Images, Video, and Other Media

Movie S1
Flagellar beat of sperm tethered at their heads
Dark-field microscopy of head-tethered sperm recorded at 250 frames-per-second (fps). (A) Symmetric and asymmetric flagellar beat for wild-type and Ttll3-/-Ttll8-/- sperm, respectively (top). The symmetry of the beat is clearly shown in the corresponding color-coded flagellar beat projections (bottom panels from Fig. 3A). (B to D) Flagellar beat analyses of tethered sperm (panels from Fig. 3, B to D): Ttll3-/-Ttll8-/- sperm have a more than three times higher curvature (B) and less than half the beat amplitude (C). The beat frequency (D) is asymmetric: it is lower near the sperm head, but more than double in the rest of the flagellum.
Movie S2
Swimming behaviors of sperm
Dark-field microscopy of free-swimming sperm from wide-field images (A and B) were recorded at 50 fps. Single-sperm transitions (C to E) were recorded at 250 fps. Wild-type sperm swim almost exclusively along an elongated curvilinear path (A and C). In contrast, most Ttll3-/-Ttll8-/- sperm (~86%) swim in circular paths (B and E), with a small fraction (~14%) showing incidental progressive motility (B and D).
Movie S3
Helical and circular swimming of Ttll3-/-Ttll8-/- sperm
Dark-field microscopy of free-swimming sperm recorded at 250 fps in custom-made observation chambers of 100 μm depth. Upon reaching the wall of the observation chamber, the Ttll3-/-Ttll8-/- sperm transitions from helical to circular swimming (still panel from Fig. 4D).
Movie S4
Absence of glycylation results in altered conformations of axonemal ODA heavy chains
(A) Fitting the crystal structures of the dynein motor domain onto isosurface renderings of the 96-nm repeats in sperm axoneme shows an altered conformation of both β-heavy chain (magenta) and γ- heavy chain (green) when the dynein shifts from pre-powerstroke to the post-powerstroke condition. (B) Predominant conformations of the ODAs observed in the wild-type and Ttll3-/-Ttll8-/- sperm (panels from Fig. 6A). (C) Comparison of the transition of the ODAs shows a coordinated transition from pre-powerstroke (blue) to post-powerstroke (yellow) in the wild-type axonemes, whereas in the Ttll3-/-Ttll8-/- axonemes intermediate conformations, pre-post (orange) and post-pre (brown) are more commonly found (bottom panels from Fig. 6B).
Movie S5
IDA-f conformational reconfiguration is linked to the tilting motion of the nexindynein
regulatory complex (N-DRC) (A) Slices through class averages generated from IDA classification showing their overall transition between pre-powerstroke and post-powerstroke conformations (left). Particularly consistent rearrangement of IDA-f subspecies (encircled in red) between the two classes are shown in the right panels (from fig.

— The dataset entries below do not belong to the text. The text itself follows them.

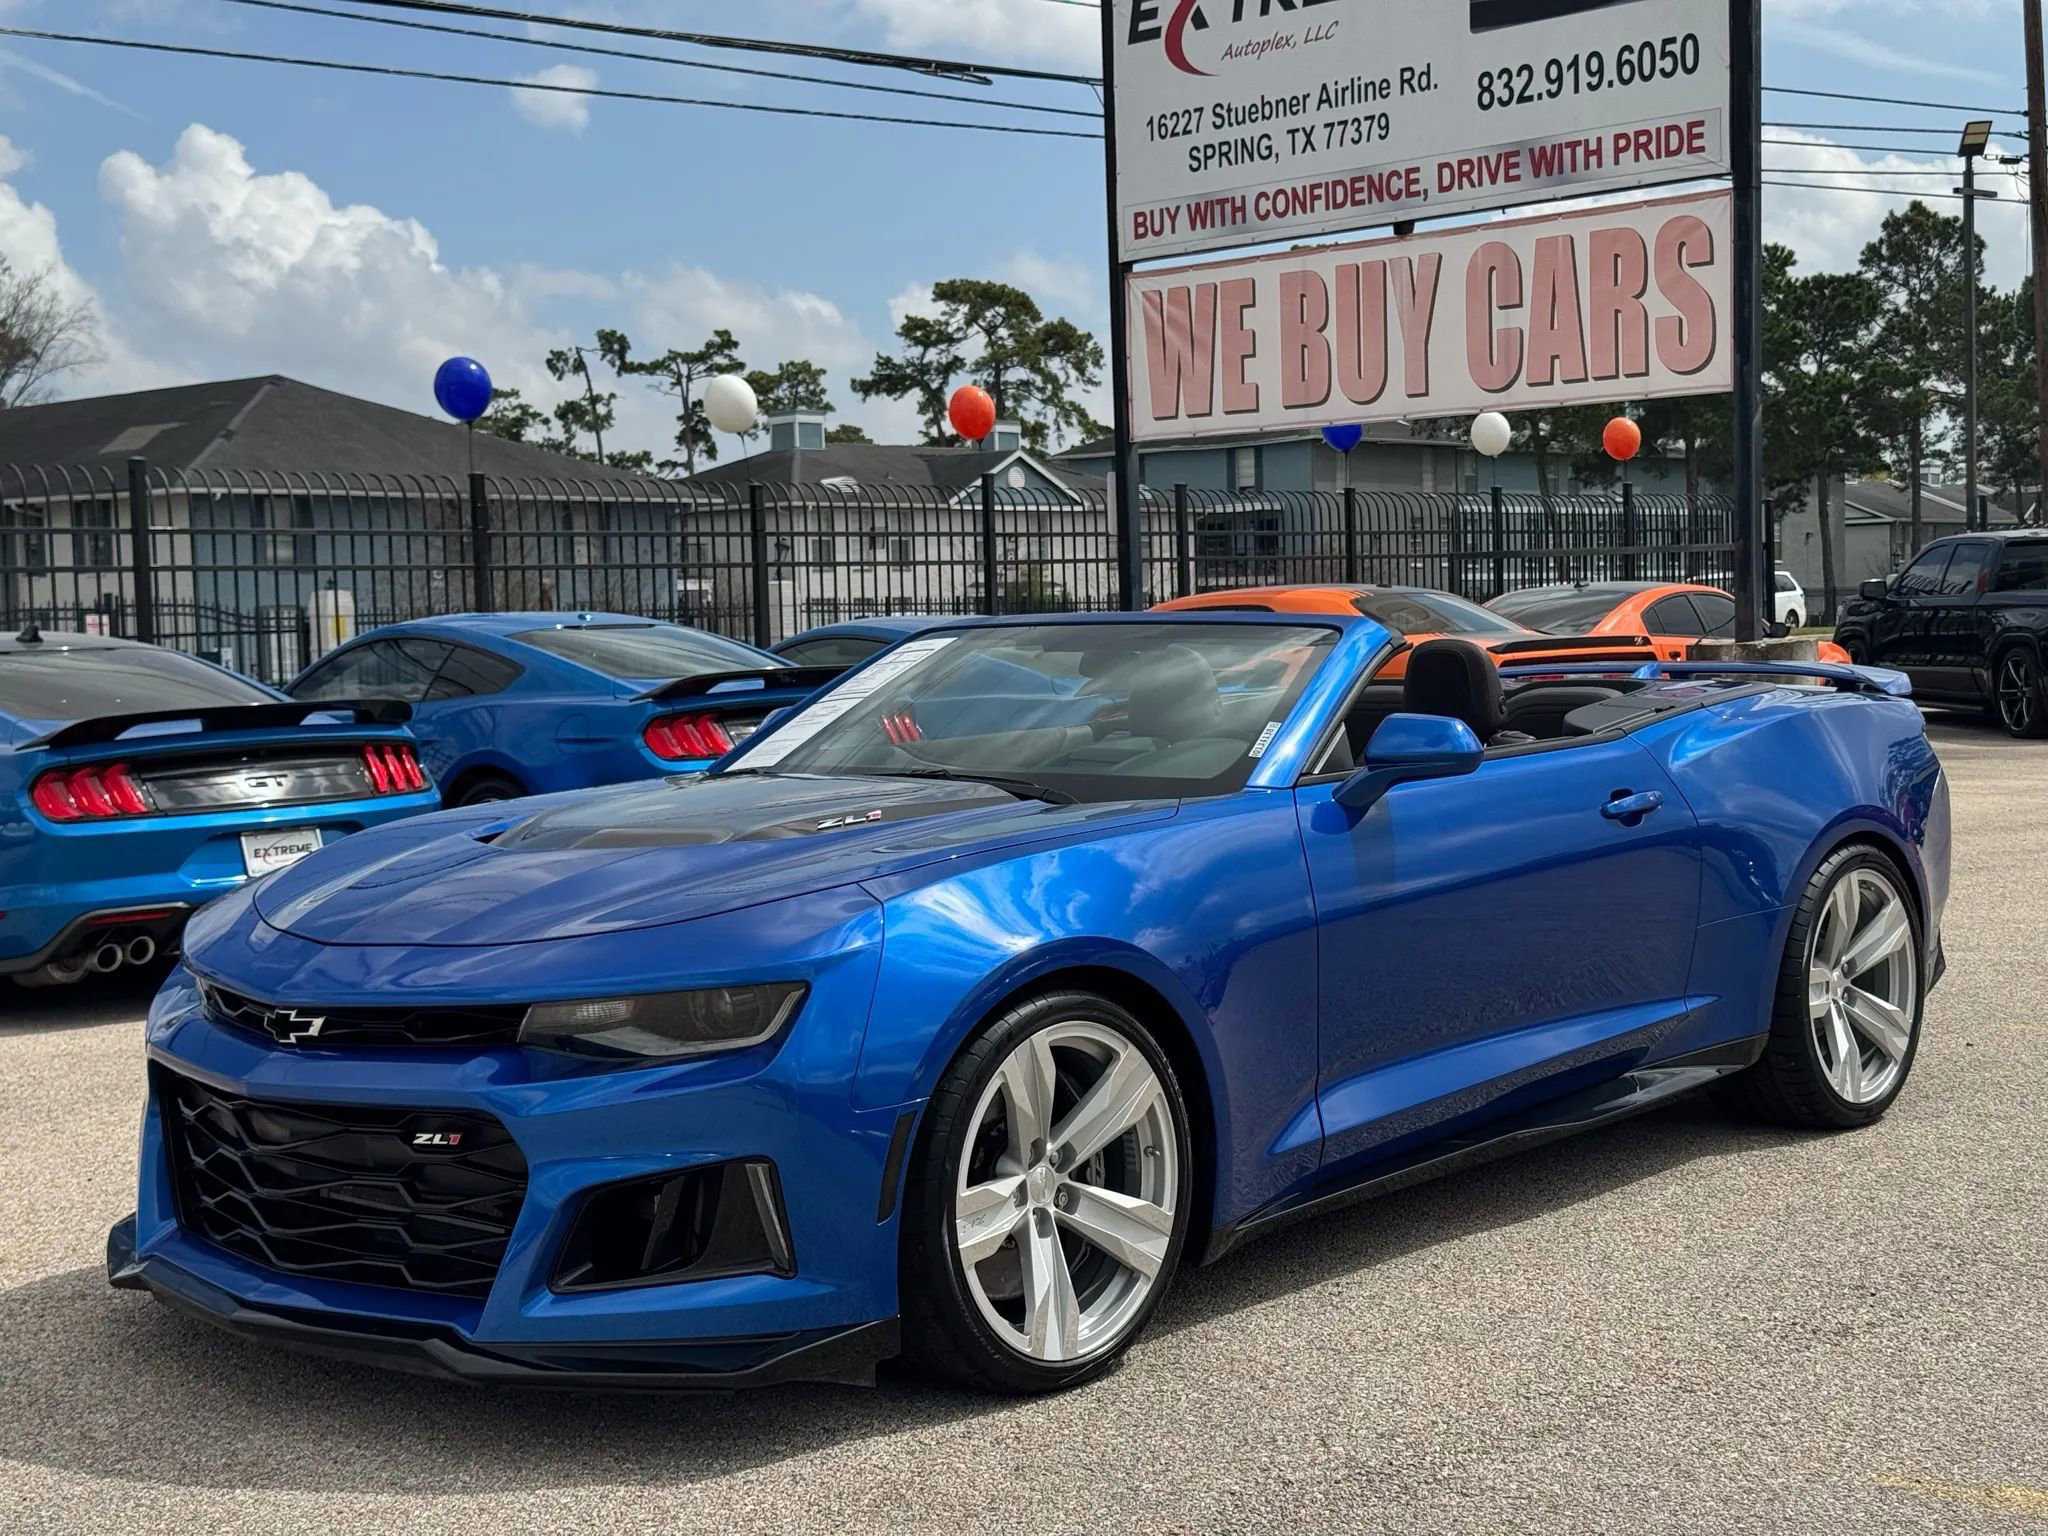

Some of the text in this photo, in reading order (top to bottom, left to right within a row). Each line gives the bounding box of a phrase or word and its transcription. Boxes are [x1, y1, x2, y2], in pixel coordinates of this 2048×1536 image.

[1220, 20, 1340, 61] Autoplex, LLC
[1477, 33, 1700, 111] 832.919.6050
[1146, 62, 1438, 142] 16227 Stuebner Airline Rd.
[1188, 112, 1390, 173] SPRING, TX 77379
[1133, 120, 1706, 240] BUY WITH CONFIDENCE, DRIVE WITH PRIDE
[1142, 216, 1717, 421] WE BUY CARS
[244, 774, 288, 788] GT
[816, 810, 882, 831] ZL1
[254, 843, 313, 858] EXTREME
[413, 1133, 462, 1145] ZL1
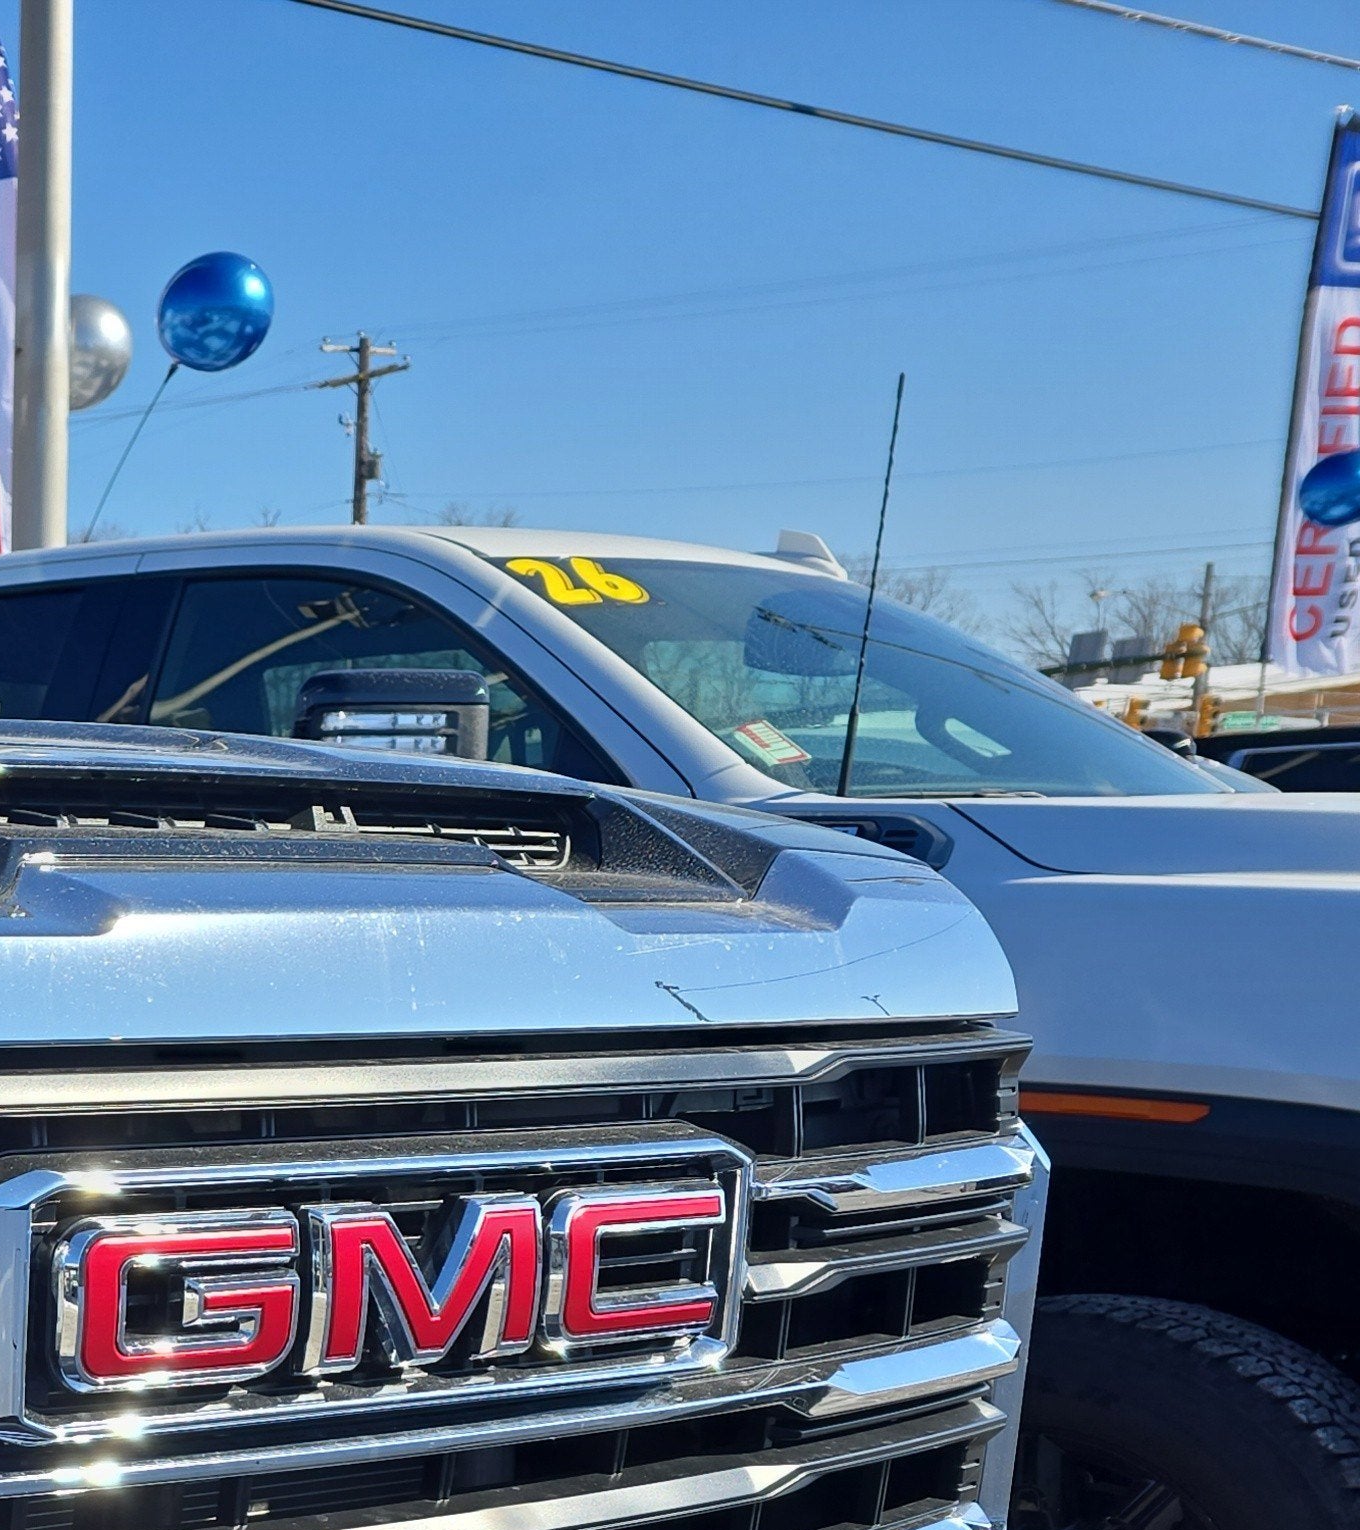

S8B). (B) The conformational reconfiguration of IDA-f occurred synchronously with an opposing tilting motion of the nexin-dynein regulatory complex and the radial-spoke heads. This tilting motion was perpendicular to the MT axis and associated with a displacement of the next MT doublet. (A tub: A-tubule; B tub: B-tubule; N-DRC: nexin-dynein regulatory complex; RS: radial spoke; ODA: outer dynein arm; IDA: inner dynein arm)
Movie S6
Absence of glycylation has no apparent effect on the beating of ependymal cilia
(A) Representative video recordings of ependymal cilia acquired from 100-200-μm sagittal sections of wild-type and Ttll3-/-Ttll8-/- brain ventricles. Recordings were performed at 100 fps for 3 s using a 60× objective. The videos were slowed down 20× to scrutinize the ciliary beat waveform (one representative video in original speed is shown on the left). Visual inspection does not reveal any changes in the beat patterns of multicilia in the absence of glycylation. (B) Scatter plots showing the analysis of cilia beat frequencies from three independent experiments with each point representing an individual cell recorded from the same brain slice (number of cells are given). Median (±SEM) is indicated, p-values are determined by Student's t-test. All three experiments coherently show no differences between wild-type and Ttll3-/-Ttll8-/- cells. Note that overall values vary between different experimental days, most likely due to slight variations in imaging conditions (e.g. temperature).